- EXERCISE INSTRUCTIONS:
Output exactly the lines between the one holding "this 2351×1568 image." and the last line of the data below, both of those lines included.

[Start of section]

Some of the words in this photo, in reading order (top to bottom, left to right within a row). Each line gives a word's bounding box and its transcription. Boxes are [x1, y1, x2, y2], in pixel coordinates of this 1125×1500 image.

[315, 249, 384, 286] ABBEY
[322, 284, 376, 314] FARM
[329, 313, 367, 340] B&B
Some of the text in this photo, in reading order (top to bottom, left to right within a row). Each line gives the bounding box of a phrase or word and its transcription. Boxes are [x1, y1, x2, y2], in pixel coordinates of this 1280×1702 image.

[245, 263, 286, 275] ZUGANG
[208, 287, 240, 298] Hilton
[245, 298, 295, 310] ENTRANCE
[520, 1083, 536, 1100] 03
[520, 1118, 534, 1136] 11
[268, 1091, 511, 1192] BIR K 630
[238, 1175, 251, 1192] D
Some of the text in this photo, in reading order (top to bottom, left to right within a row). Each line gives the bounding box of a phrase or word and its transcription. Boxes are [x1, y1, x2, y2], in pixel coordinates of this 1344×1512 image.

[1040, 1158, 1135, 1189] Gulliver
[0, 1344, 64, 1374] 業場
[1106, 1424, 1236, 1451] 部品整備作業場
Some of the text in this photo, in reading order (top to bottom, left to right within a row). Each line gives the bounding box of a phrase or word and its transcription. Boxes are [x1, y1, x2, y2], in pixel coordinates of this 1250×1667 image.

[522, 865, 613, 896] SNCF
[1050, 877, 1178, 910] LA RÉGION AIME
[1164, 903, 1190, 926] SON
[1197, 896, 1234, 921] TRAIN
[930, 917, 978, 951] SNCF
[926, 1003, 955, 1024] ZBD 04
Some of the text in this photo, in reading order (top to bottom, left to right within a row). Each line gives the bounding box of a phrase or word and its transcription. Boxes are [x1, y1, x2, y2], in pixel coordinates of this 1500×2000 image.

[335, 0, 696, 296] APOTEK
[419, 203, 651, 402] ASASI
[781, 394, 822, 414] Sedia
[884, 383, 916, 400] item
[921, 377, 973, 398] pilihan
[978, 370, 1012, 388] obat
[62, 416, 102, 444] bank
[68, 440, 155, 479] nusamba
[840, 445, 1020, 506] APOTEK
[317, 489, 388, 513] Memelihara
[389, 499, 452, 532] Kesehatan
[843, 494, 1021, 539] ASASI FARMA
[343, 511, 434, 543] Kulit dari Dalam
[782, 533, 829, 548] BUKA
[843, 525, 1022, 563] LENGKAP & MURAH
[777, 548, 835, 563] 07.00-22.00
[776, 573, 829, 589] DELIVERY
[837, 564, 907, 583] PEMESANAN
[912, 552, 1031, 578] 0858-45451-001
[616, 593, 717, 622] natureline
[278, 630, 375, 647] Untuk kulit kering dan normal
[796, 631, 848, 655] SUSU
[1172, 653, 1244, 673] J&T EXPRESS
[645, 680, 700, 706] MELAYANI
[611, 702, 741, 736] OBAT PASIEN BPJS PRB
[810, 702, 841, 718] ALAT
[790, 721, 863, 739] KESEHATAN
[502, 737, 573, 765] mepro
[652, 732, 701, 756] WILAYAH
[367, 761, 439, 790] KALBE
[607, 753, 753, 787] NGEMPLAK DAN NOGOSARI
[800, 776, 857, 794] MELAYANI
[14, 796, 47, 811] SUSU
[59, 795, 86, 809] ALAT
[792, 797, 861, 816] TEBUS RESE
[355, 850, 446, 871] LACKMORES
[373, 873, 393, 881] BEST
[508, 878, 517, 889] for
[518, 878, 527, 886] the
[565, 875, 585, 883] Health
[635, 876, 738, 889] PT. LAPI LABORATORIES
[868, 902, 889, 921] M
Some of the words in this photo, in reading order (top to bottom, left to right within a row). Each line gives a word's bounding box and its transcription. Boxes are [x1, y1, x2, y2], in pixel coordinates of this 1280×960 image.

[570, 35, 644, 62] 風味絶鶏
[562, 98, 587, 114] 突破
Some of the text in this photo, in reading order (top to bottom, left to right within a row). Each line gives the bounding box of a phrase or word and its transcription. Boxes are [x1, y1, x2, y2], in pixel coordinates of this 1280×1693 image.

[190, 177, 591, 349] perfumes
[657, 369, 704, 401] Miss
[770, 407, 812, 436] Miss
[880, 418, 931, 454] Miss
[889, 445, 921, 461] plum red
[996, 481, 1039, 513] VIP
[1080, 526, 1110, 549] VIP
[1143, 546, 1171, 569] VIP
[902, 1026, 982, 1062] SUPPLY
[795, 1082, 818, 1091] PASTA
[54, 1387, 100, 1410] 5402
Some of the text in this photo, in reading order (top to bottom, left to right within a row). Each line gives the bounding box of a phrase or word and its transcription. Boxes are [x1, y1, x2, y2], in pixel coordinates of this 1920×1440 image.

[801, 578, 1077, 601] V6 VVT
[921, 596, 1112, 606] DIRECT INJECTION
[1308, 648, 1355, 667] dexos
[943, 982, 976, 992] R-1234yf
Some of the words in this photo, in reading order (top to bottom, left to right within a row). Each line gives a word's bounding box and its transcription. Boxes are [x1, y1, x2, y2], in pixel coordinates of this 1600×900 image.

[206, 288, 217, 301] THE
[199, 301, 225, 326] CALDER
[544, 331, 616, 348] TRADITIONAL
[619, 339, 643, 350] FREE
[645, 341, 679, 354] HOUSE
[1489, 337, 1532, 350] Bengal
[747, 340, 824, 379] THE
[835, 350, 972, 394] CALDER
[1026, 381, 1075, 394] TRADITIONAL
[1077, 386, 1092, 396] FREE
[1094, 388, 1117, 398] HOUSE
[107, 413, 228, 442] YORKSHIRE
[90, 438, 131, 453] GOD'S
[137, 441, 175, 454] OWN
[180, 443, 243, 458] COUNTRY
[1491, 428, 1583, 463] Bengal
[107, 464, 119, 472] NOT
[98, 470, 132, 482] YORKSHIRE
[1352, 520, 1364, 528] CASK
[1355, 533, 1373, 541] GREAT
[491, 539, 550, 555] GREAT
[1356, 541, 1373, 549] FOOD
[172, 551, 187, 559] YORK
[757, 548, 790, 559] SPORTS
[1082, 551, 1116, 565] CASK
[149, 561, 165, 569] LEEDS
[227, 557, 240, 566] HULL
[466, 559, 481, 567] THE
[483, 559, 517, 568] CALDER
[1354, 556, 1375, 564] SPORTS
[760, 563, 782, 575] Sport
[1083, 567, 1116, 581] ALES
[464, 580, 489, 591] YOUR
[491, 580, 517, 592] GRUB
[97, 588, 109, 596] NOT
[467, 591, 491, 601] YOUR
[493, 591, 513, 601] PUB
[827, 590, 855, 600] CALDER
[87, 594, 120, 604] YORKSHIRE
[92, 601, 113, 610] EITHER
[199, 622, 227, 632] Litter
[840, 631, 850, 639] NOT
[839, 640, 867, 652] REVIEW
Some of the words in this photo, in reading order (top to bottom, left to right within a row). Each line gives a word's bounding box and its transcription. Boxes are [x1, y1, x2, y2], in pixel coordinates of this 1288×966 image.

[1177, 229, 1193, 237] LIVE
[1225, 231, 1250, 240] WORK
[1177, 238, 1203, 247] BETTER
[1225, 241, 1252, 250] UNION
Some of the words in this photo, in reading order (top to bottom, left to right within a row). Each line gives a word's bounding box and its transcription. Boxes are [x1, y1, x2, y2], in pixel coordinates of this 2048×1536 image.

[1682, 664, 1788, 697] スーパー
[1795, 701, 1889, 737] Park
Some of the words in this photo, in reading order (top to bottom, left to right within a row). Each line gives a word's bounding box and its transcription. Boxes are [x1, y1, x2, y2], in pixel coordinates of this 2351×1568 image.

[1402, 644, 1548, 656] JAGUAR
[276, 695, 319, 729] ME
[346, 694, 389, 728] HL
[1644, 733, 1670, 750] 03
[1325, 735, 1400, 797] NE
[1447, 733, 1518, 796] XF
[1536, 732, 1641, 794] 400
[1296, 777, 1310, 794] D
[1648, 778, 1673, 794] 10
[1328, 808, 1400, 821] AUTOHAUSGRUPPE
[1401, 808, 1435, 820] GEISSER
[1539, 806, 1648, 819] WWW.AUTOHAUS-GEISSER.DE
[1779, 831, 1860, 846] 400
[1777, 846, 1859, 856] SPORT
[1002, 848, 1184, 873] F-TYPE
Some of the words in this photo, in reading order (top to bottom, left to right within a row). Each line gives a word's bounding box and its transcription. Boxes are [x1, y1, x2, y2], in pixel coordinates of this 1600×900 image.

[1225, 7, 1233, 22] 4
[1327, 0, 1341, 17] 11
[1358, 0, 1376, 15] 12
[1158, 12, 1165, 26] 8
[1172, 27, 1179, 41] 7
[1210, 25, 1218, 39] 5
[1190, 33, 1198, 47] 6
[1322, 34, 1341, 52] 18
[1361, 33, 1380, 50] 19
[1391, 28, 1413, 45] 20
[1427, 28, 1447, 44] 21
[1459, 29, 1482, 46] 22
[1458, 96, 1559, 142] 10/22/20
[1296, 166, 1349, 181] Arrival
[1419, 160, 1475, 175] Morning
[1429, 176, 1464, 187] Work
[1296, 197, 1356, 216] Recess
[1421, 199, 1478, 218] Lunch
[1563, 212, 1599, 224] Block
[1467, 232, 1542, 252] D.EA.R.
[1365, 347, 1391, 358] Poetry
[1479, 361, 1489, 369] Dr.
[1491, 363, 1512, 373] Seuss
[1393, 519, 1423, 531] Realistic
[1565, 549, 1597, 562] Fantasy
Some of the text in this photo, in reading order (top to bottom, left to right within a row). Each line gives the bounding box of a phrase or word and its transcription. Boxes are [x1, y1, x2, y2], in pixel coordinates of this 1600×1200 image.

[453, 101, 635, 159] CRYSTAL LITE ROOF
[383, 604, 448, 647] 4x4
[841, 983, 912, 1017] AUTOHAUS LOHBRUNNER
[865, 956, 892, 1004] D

[End of section]

- RESPONSE BOX:
Some of the words in this photo, in reading order (top to bottom, left to right within a row). Each line gives a word's bounding box and its transcription. Boxes are [x1, y1, x2, y2], in pixel coordinates of this 2351×1568 image.

[1402, 644, 1548, 656] JAGUAR
[276, 695, 319, 729] ME
[346, 694, 389, 728] HL
[1644, 733, 1670, 750] 03
[1325, 735, 1400, 797] NE
[1447, 733, 1518, 796] XF
[1536, 732, 1641, 794] 400
[1296, 777, 1310, 794] D
[1648, 778, 1673, 794] 10
[1328, 808, 1400, 821] AUTOHAUSGRUPPE
[1401, 808, 1435, 820] GEISSER
[1539, 806, 1648, 819] WWW.AUTOHAUS-GEISSER.DE
[1779, 831, 1860, 846] 400
[1777, 846, 1859, 856] SPORT
[1002, 848, 1184, 873] F-TYPE
Some of the words in this photo, in reading order (top to bottom, left to right within a row). Each line gives a word's bounding box and its transcription. Boxes are [x1, y1, x2, y2], in pixel coordinates of this 1600×900 image.

[1225, 7, 1233, 22] 4
[1327, 0, 1341, 17] 11
[1358, 0, 1376, 15] 12
[1158, 12, 1165, 26] 8
[1172, 27, 1179, 41] 7
[1210, 25, 1218, 39] 5
[1190, 33, 1198, 47] 6
[1322, 34, 1341, 52] 18
[1361, 33, 1380, 50] 19
[1391, 28, 1413, 45] 20
[1427, 28, 1447, 44] 21
[1459, 29, 1482, 46] 22
[1458, 96, 1559, 142] 10/22/20
[1296, 166, 1349, 181] Arrival
[1419, 160, 1475, 175] Morning
[1429, 176, 1464, 187] Work
[1296, 197, 1356, 216] Recess
[1421, 199, 1478, 218] Lunch
[1563, 212, 1599, 224] Block
[1467, 232, 1542, 252] D.EA.R.
[1365, 347, 1391, 358] Poetry
[1479, 361, 1489, 369] Dr.
[1491, 363, 1512, 373] Seuss
[1393, 519, 1423, 531] Realistic
[1565, 549, 1597, 562] Fantasy
Some of the text in this photo, in reading order (top to bottom, left to right within a row). Each line gives the bounding box of a phrase or word and its transcription. Boxes are [x1, y1, x2, y2], in pixel coordinates of this 1600×1200 image.

[453, 101, 635, 159] CRYSTAL LITE ROOF
[383, 604, 448, 647] 4x4
[841, 983, 912, 1017] AUTOHAUS LOHBRUNNER
[865, 956, 892, 1004] D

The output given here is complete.